### What is being asked
A word-for-word copy of the records below is needed, without the images.
===== Data supplied =====
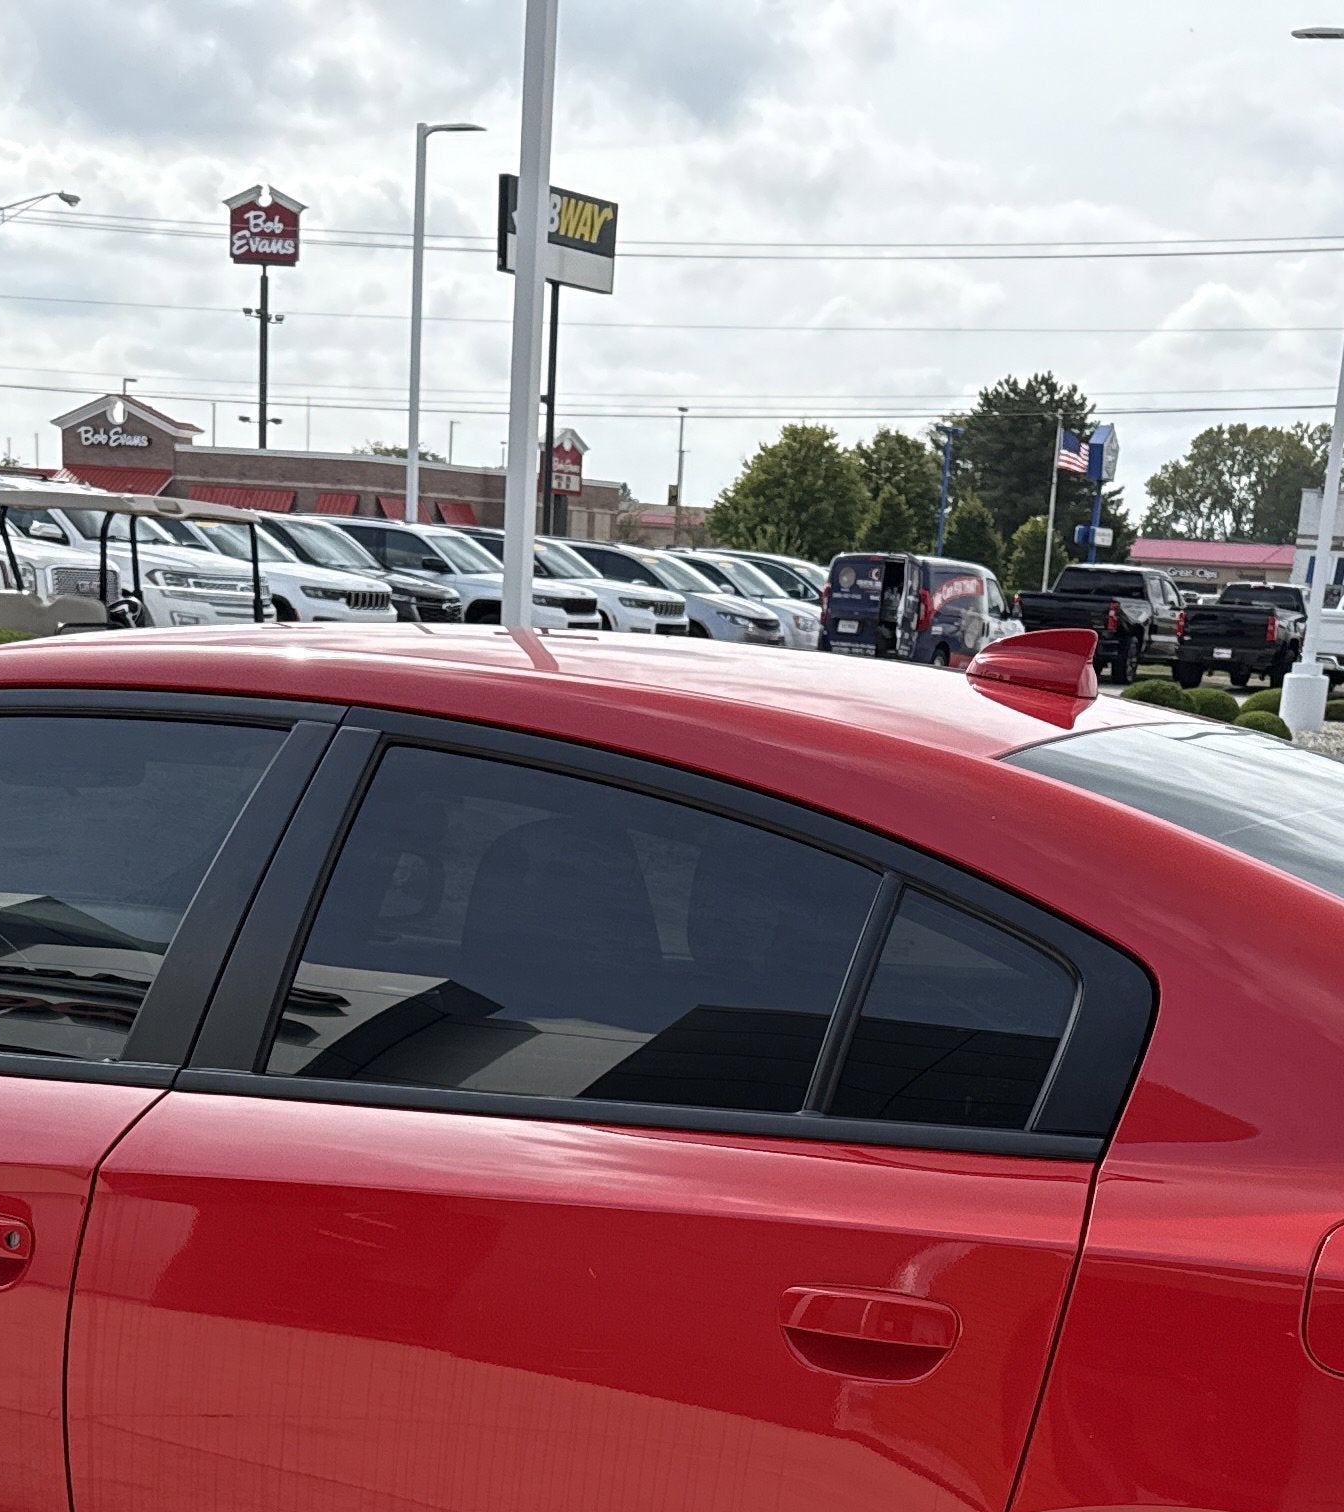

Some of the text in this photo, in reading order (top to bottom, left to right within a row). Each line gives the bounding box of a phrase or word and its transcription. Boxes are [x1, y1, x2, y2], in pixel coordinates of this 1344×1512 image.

[244, 210, 284, 233] Bob
[512, 193, 614, 243] BWAY
[232, 230, 295, 255] Evans
[77, 426, 149, 447] Bob Evans
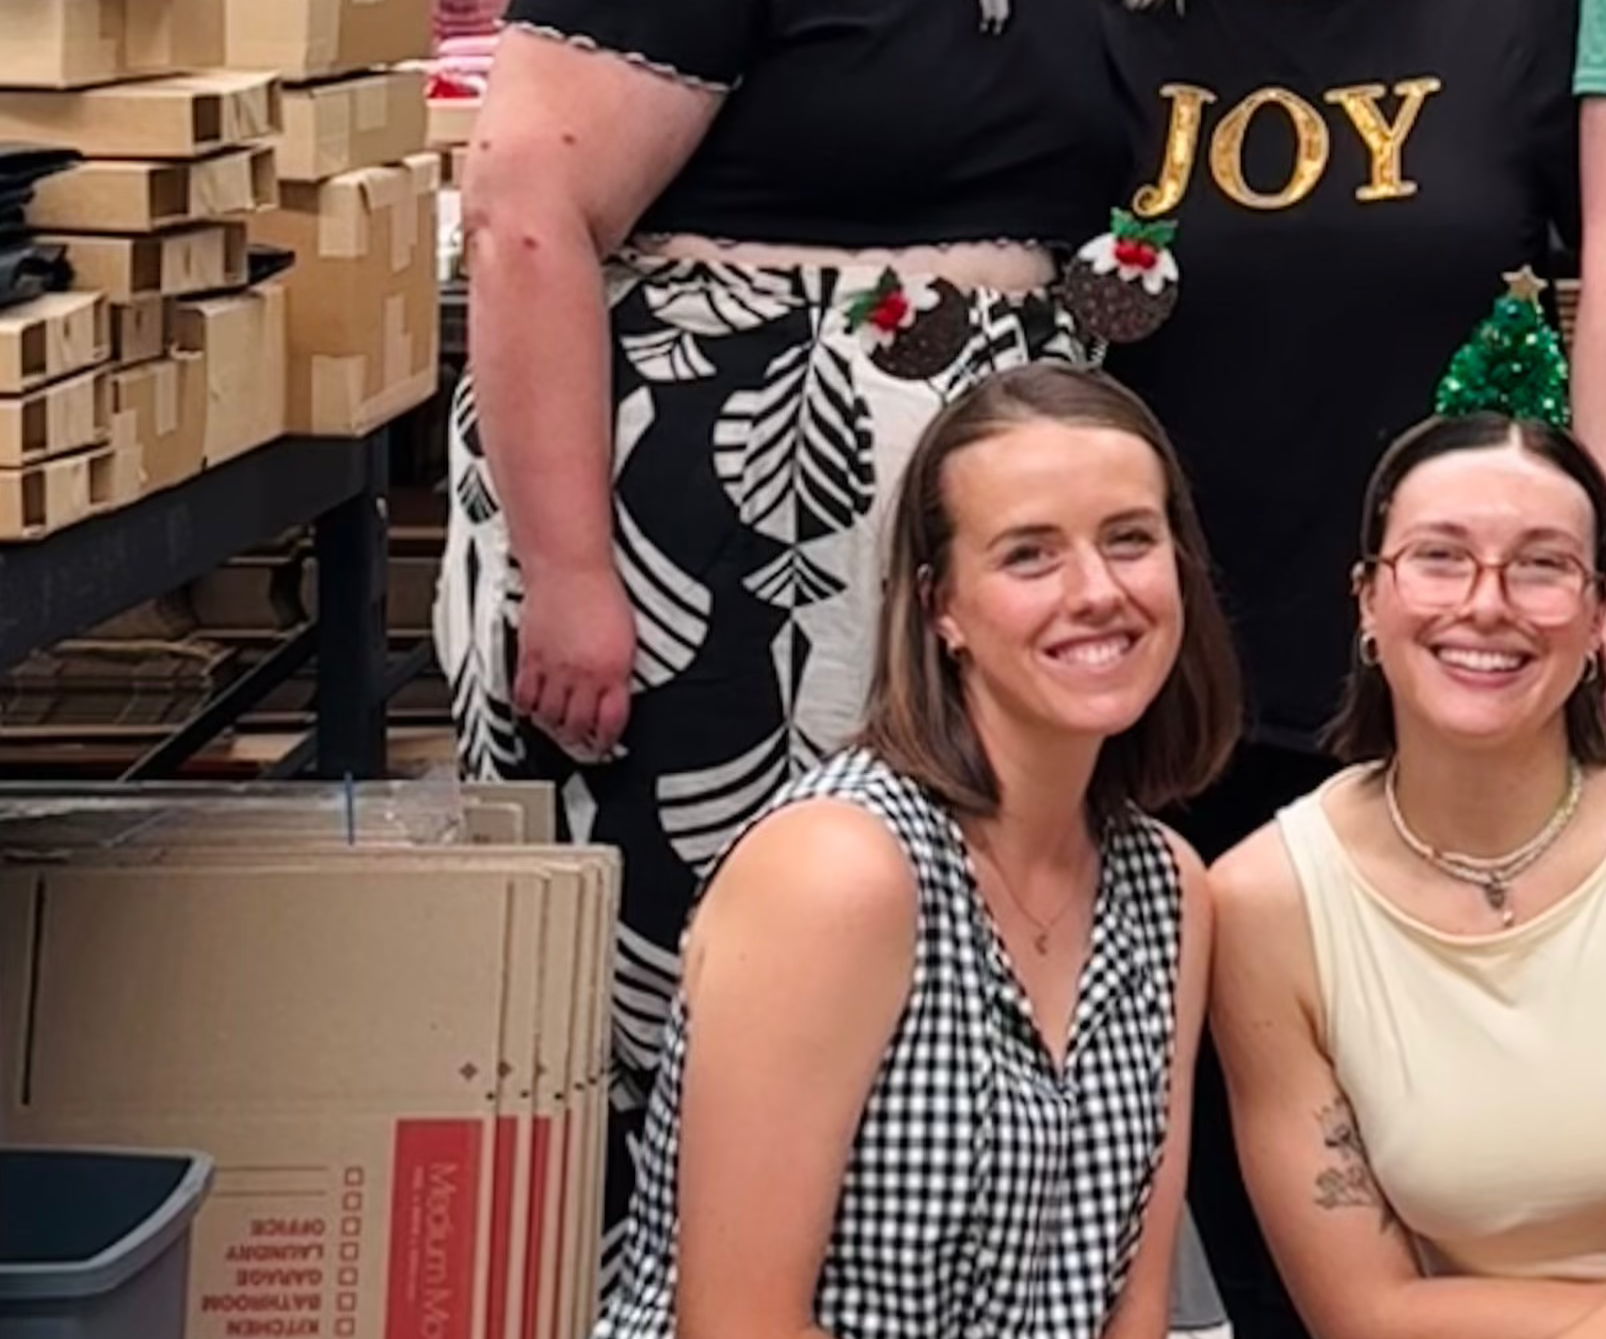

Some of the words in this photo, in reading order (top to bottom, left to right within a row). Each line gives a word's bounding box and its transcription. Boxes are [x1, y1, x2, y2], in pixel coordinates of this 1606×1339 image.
=====
### Exercise solution
Some of the text in this photo, in reading order (top to bottom, left to right within a row). Each line gives the bounding box of a phrase or word and its transcription. Boxes are [x1, y1, x2, y2], in pixel coordinates of this 1344×1512 image.

[244, 210, 284, 233] Bob
[512, 193, 614, 243] BWAY
[232, 230, 295, 255] Evans
[77, 426, 149, 447] Bob Evans

Some of the words in this photo, in reading order (top to bottom, left to right within a row). Each line gives a word's bounding box and its transcription. Boxes are [x1, y1, x2, y2], in pixel coordinates of this 1606×1339 image.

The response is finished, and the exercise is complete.